Mr Guaidó is the head of the National Assembly and has cited articles 233 and 333 of the constitution which allow him to assume interim power in the absence of the president. He argues Mr Maduro is not president because the elections are invalid.
How has the diplomatic spat flared?
There was a major difference of opinion after President Donald Trump responded to Mr Guaidó’s declaration by recognising him as the new head of state and calling on others to follow suit.
Seven South American nations, Brazil, Colombia, Chile, Peru, Ecuador, Argentina and Paraguay, as well as Canada, backed the call.
French President Emmanuel Macron stopped short of recognition, calling for democratic elections.
The UK said last May’s elections were not free or fair and that it was “totally unacceptable” for Mr Maduro to break off ties with the US.
Mexico, Bolivia and Cuba expressed support for Mr Maduro, while Turkish President Recep Tayyip Erdogan tweeted: “My brother Maduro! Stand tall, we are standing by you.”
China, a major investor in Venezuela, said it opposed any outside interference.
Why was Russia so outspoken?
Moscow sees Venezuela as one of its closest allies in the region. It has lent billions of dollars and has backed its oil industry and its military. Russia has also taken part in military exercises in Venezuela.
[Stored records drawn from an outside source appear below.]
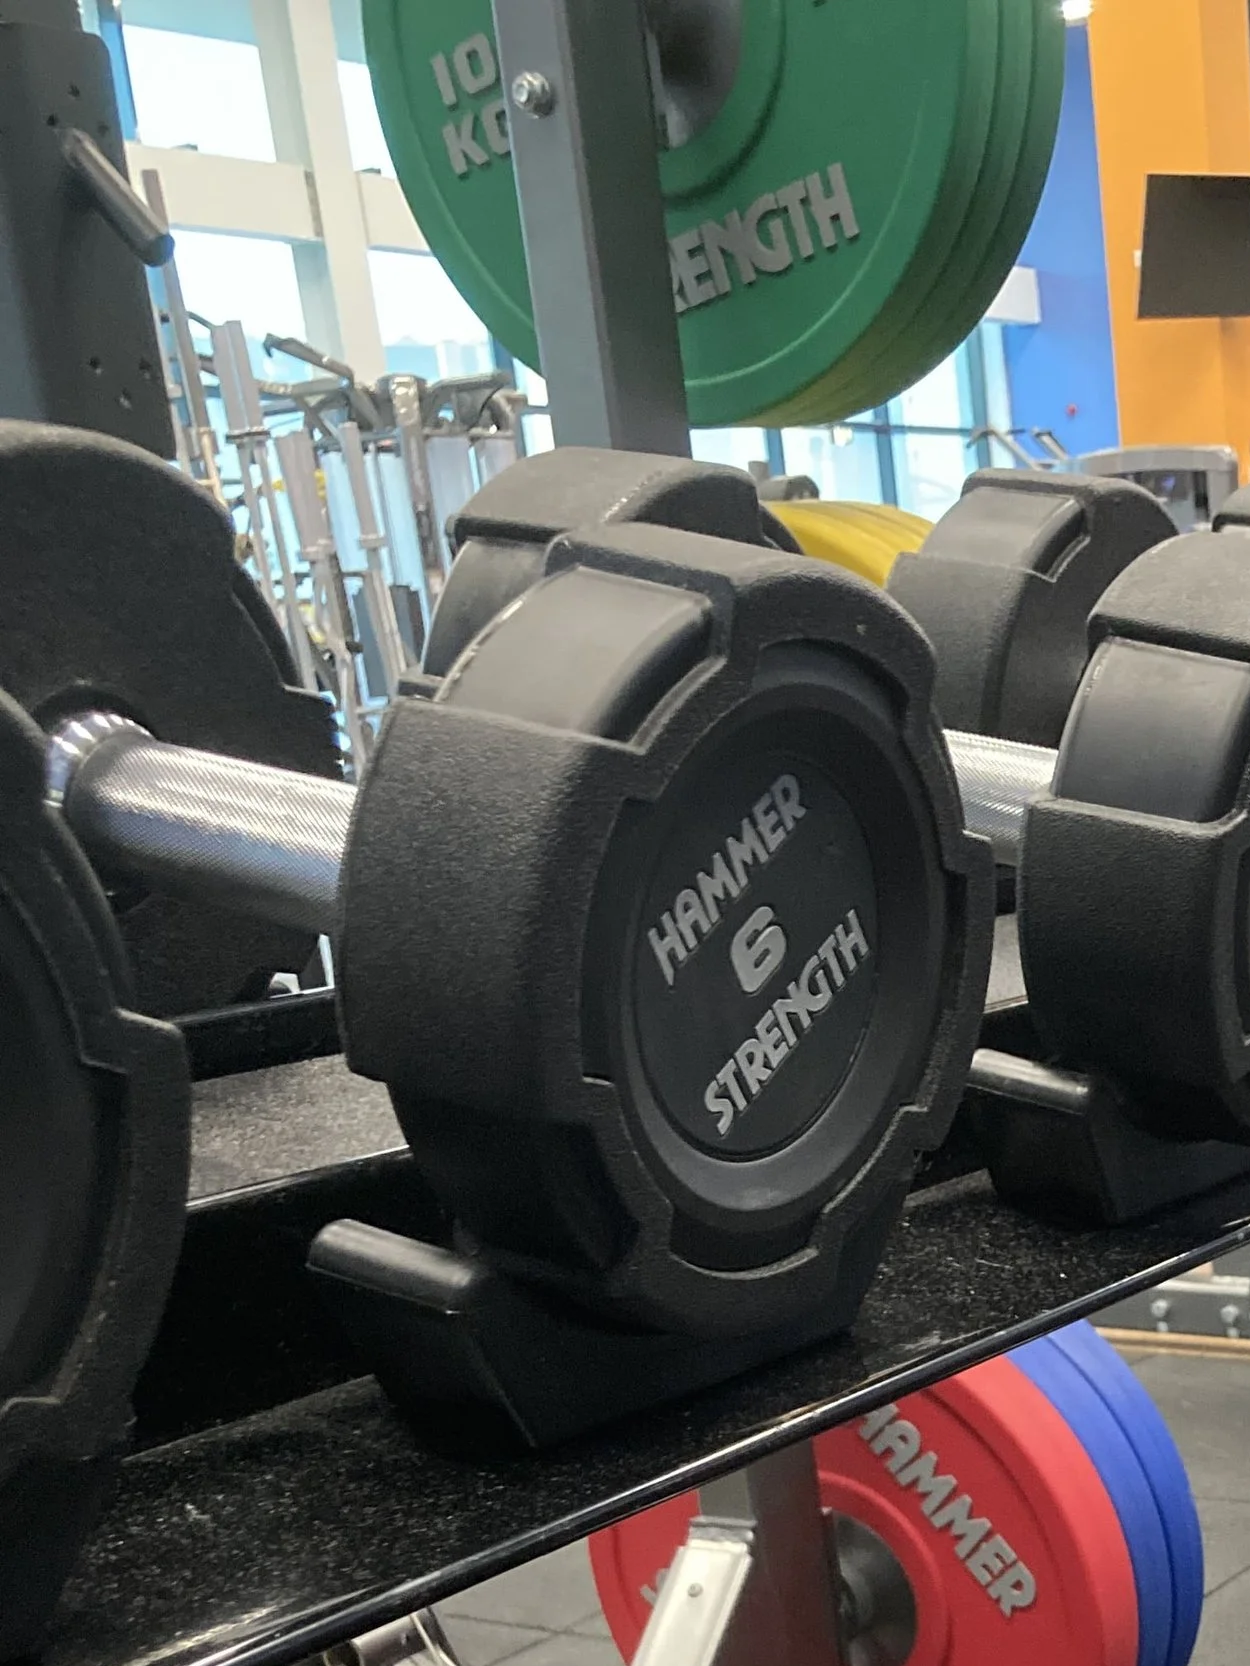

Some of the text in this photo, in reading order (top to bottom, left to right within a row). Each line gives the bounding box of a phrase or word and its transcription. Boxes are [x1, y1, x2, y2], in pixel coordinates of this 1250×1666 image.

[430, 33, 497, 106] 10
[669, 161, 861, 315] ENGTH
[648, 774, 808, 987] HAMMER
[730, 906, 788, 994] 6
[704, 909, 870, 1137] STRENGTH
Kremlin spokesman Dmitry Peskov said: “We consider the attempt to usurp sovereign authority in Venezuela to contradict and violate the basis and principles of international law.
“Maduro is the legitimate head of state.”
A Russian foreign ministry statement said Mr Guaidó’s declaration was a “direct path to lawlessness and bloodshed”, adding: “Only Venezuelans have the right to determine their future.
“Destructive outside interference, especially in the current extremely tense situation, is unacceptable.”
Russia also warned that any US military interference would amount to “adventurism which is fraught with catastrophic consequences”.
What did Mr Trump say?
He was asked about military intervention and while he said he was not considering it, he added that “all options are on the table”.
In a statement, he described Mr Maduro’s leadership as “illegitimate”, adding: “The people of Venezuela have courageously spoken out against Maduro and his regime and demanded freedom and the rule of law.”
It warned Mr Maduro tougher sanctions could be imposed.
The US has urged the Venezuelan military to back Mr Guaidó, but so far it has remained loyal to Mr Maduro.
What was President Maduro’s response?
He accused Washington of trying to govern Venezuela from afar and said the opposition was seeking to stage a coup.
“We’ve had enough interventionism, here we have dignity, damn it!” he said in a televised address from the presidential palace, the Miraflores, where his supporters gathered to back him on Wednesday.
Defence Minister Vladimir Padrino condemned Mr Guaidó’s call for the army to switch sides.
“The nation’s soldiers don’t accept a president imposed by obscure interests, nor one self-proclaimed outside of the law,” he tweeted.
Mr Maduro gave US diplomats 72 hours to leave the country but the US said the “former president” no longer had the authority to order them out.
Mr Maduro and his core supporters believe Venezuela’s problems are caused by US sanctions that have hampered the government by making it hard to restructure its debt.
The annual inflation rate reached 1,300,000% in the 12 months to November 2018, according to a study by the National Assembly.
How did Mr Guaidó’s declaration come about?
Thousands of Venezuelans attended a rally on Wednesday in support of Mr Guaidó.
He raised his right hand and said: “I swear to formally assume the national executive powers as acting president,” vowing to lead a transitional government and hold free elections.
Venezuelan NGOs said that 14 people were shot dead during protests on Tuesday and Wednesday.
Venezuela has been in economic freefall. Hyperinflation, power cuts and shortages of basic items have driven millions of people from the country.
Mr Guaidó became president of the opposition-controlled National Assembly this month.
The opposition took power there after elections in 2015, but in 2017 Mr Maduro set up a separate body, the constituent assembly, which is filled with his supporters.
Both chambers are meeting and passing laws but the constituent assembly is the only one whose laws are being enacted by the government.